30th Anniversary Screening of ‘Kindergarten Cop’ Cancelled By Portland Author’s Protest
When the Northwest Film Center in Portland first announced its new drive-in film series at Zidell Yards on the SW Waterfront, locals were excited by the idea of getting out of their homes and getting to watch some classic films under the stars. The series was meant to kick off this weekend with a 30th Anniversary screening of the 1990 Arnold Schwarzenegger movie “Kindergarten Cop”, which was chosen for its significance to Oregon’s history of film. Shot completely on location in the coastal town of Astoria (best known for being the site for “The Goonies” as well), the movie tells the story of a brusque police officer (Schwarzenegger) forced to take his female partner’s undercover assignment at a local school to locate the family of a criminal when she falls ill with food poisoning. Co-starring Pamela Reed and Penelope Ann Miller, the film was a modest box office success that has enjoyed a cult following thanks to some of its more quotable lines like “It’s not a tumor!” But now locals will have to enjoy the drive-in series without “Kindergarten Cop” thanks to a protest by a local author who criticized the organizers for including a film that she accused of presenting an entertaining view of police in schools when in real life, it’s just the opposite.

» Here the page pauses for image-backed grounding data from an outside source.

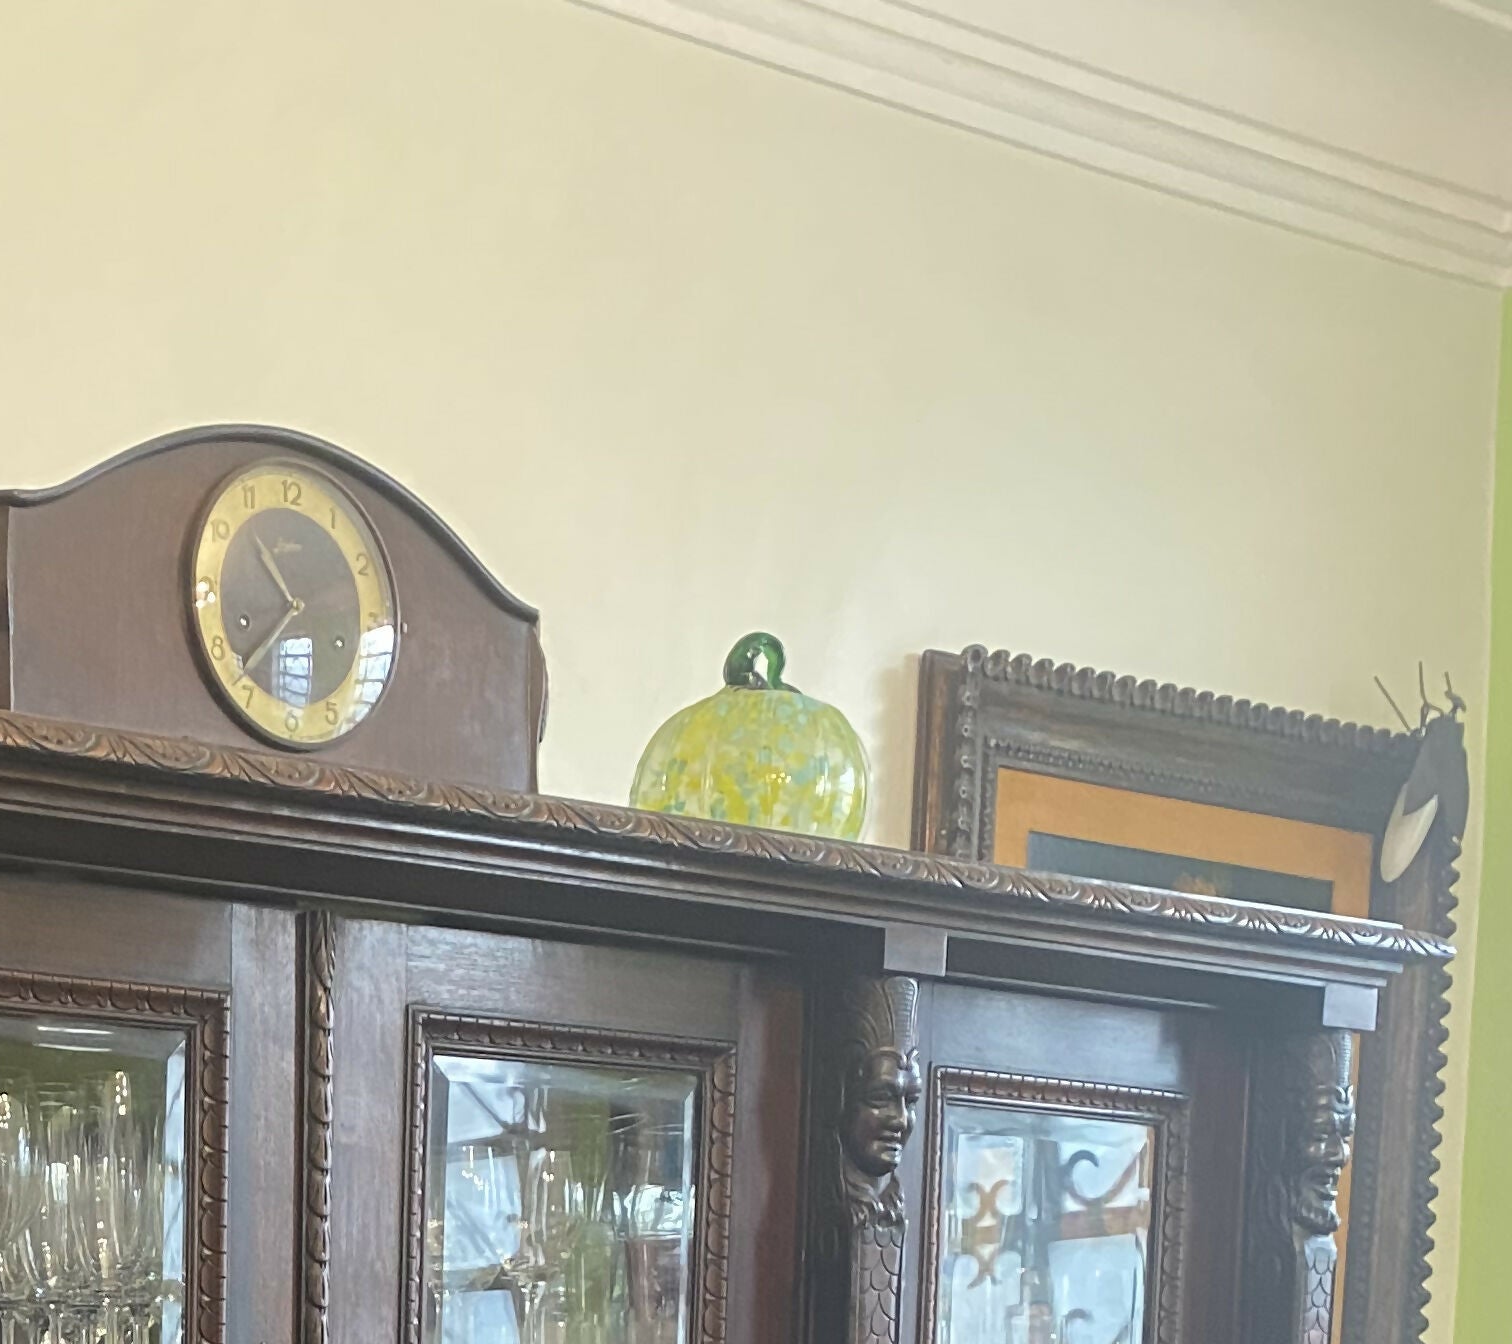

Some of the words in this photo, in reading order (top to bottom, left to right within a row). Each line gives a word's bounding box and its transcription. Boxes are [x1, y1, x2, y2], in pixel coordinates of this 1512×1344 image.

[241, 483, 256, 510] 11
[281, 479, 302, 506] 12
[210, 519, 230, 542] 10
[329, 506, 336, 530] 1
[356, 552, 369, 576] 2
[211, 635, 225, 661] 8
[241, 684, 255, 709] 7
[325, 701, 338, 726] 5

Lois Leveen, who is white and has written a book about a slave woman from that woman’s perspective, tweeted that it was the wrong film to show when “National reckoning on overpolicing is a weird time to revive Kindergarten Cop. IRL, we are trying to end the school-to-prison pipeline,” she claimed. “There’s nothing entertaining about the presence of police in schools, which feeds the ‘school-to-prison’ pipeline in which African American, Latinx and other kids of color are criminalized rather than educated. Five- and 6-year-olds are handcuffed and hauled off to jail routinely in this country. And this criminalizing of children increases dramatically when cops are assigned to work in schools.”
Although Schwarzenegger doesn’t technically portray a school officer, and he actually ends up becoming a teacher by the end of the movie, this doesn’t seem to matter to Leveen, who sent a letter to Portland’s free weekly the Willamette Week to expand on her position.

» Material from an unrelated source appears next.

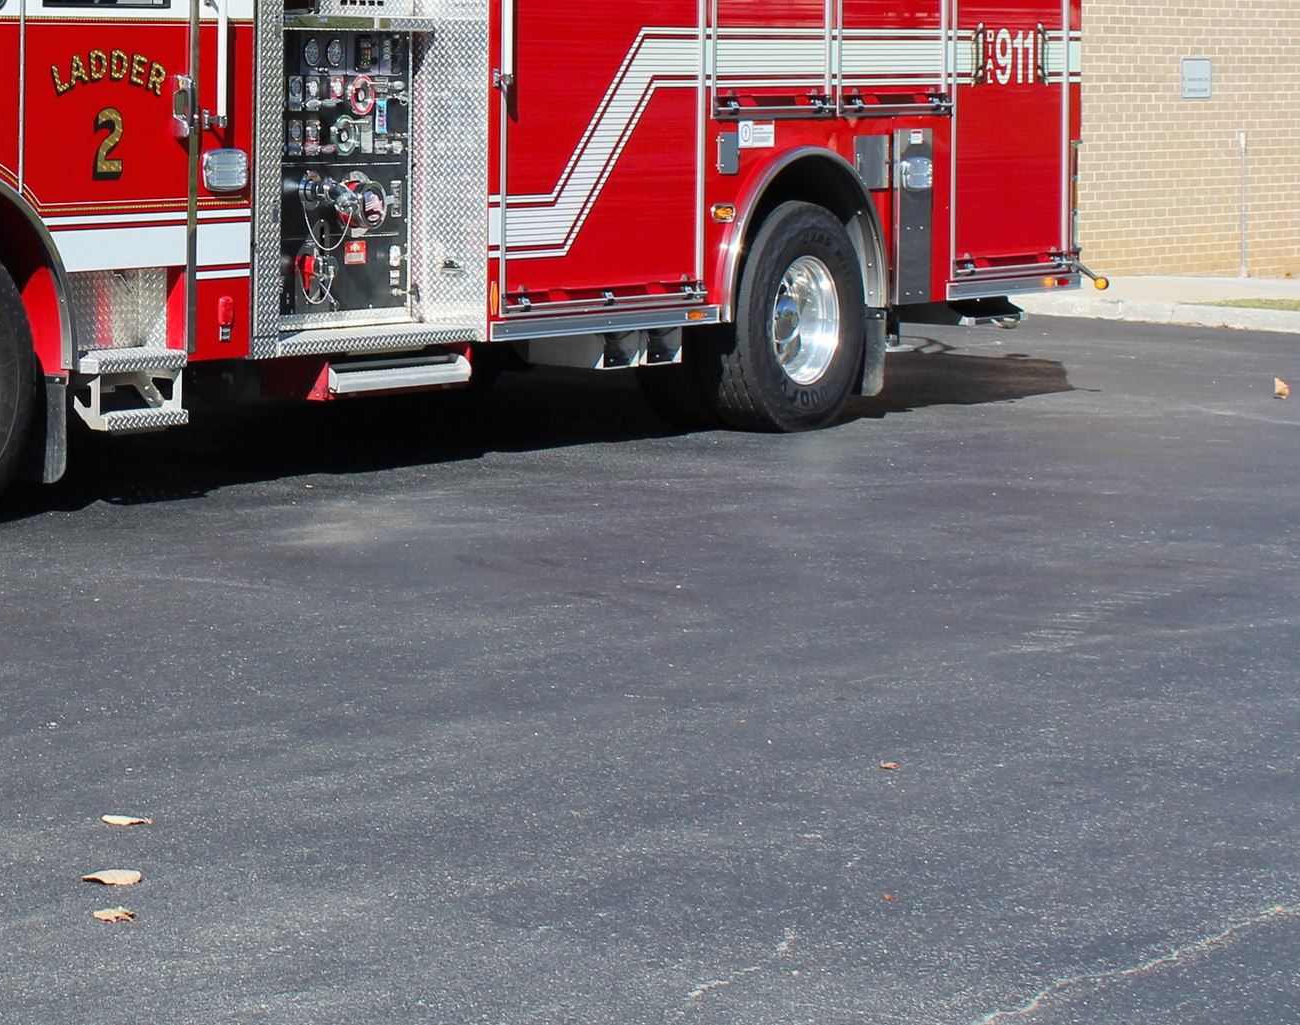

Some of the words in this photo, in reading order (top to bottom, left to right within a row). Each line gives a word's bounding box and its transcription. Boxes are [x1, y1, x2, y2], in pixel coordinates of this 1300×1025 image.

[51, 49, 166, 96] LADDER
[986, 29, 995, 84] DIAL
[995, 27, 1035, 85] 911
[93, 107, 123, 181] 2

“It’s true Kindergarten Cop is only a movie. So are Birth of a Nation and Gone With the Wind, but we recognize films like those are not ‘good family fun,'” she wrote. “They are relics of how pop culture feeds racist assumptions. Because despite what the movie shows,” she continued, “in reality, schools don’t transform cops. Cops transform schools, and in an extremely detrimental way.”
The NW Film Center will instead show a second screening of the John Lewis film Good Trouble, but Leveen is still dissatisfied with their reaction.
“I know how seldom their screenings attract substantial numbers of BIPOC audience members,” Leveen told the Willamette Week. “When a white-dominant institution cannot honestly admit their error and insensitivity, it does not suggest they will avoid similar errors and insensitivities in the future.”